Un marché qui bouge plus vite que la stratégie russe
La demande en lithium est l’une des plus dynamiques du monde industriel : batteries pour véhicules électriques, stockage stationnaire, électronique grand public… Chaque segment accélère. Entre 2020 et 2023, la consommation mondiale de lithium a quasiment doublé. En 2030, les seuils actuels seront largement dépassés. Autrement dit, la Russie prépare une montée en puissance dans un monde qui l’a déjà dépassée. Même si elle atteint son objectif, elle risque de rester un acteur secondaire dans un paysage dominé par des géants déjà en place.
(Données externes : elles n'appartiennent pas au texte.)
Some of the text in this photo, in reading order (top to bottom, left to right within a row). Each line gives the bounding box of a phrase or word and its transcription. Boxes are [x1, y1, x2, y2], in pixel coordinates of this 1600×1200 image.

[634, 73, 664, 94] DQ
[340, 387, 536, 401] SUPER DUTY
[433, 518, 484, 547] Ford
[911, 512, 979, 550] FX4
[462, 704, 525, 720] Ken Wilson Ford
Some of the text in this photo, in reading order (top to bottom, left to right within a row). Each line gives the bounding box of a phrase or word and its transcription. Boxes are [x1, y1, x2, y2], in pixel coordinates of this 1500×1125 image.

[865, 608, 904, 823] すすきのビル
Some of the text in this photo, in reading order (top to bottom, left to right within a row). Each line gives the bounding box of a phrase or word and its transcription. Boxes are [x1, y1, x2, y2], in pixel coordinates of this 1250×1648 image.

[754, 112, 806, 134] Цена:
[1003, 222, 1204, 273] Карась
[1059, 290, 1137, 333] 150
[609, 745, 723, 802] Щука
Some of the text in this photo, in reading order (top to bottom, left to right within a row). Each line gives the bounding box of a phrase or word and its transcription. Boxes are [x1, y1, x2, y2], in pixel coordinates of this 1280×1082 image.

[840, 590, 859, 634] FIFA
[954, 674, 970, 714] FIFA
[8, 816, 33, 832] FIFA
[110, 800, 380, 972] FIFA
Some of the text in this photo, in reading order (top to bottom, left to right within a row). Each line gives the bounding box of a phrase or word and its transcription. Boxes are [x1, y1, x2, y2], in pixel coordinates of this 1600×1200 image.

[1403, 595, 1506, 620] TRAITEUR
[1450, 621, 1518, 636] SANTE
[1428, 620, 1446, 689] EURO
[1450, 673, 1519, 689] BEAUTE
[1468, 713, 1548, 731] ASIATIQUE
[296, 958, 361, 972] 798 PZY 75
Le lithium russe, géant en devenir ou illusion d’échelle
Avec 60 000 tonnes de carbonate de lithium prévues par an, la Russie veut s’imposer dans la transition énergétique. Mais ce chiffre, flatteur sur le papier, masque deux autres réalité : d’abord, dans un marché mondial qui change d’échelle, cette production pourrait bien rester marginale. La Russie veut entrer dans le jeu — mais ce jeu évolue trop vite pour qu’un simple ticket suffise. Ensuite, la Russie part de zéro, sans chaîne de valeur opérationnelle, et accuse un retard technologique que quinze années d’accélération mondiale ont creusé. La vraie question, alors, n’est pas ce qu’elle annonce, mais ce qu’elle sera capable de livrer… à quelle vitesse et surtout, cela suffira-t-il à fournir au moins ses concitoyens ?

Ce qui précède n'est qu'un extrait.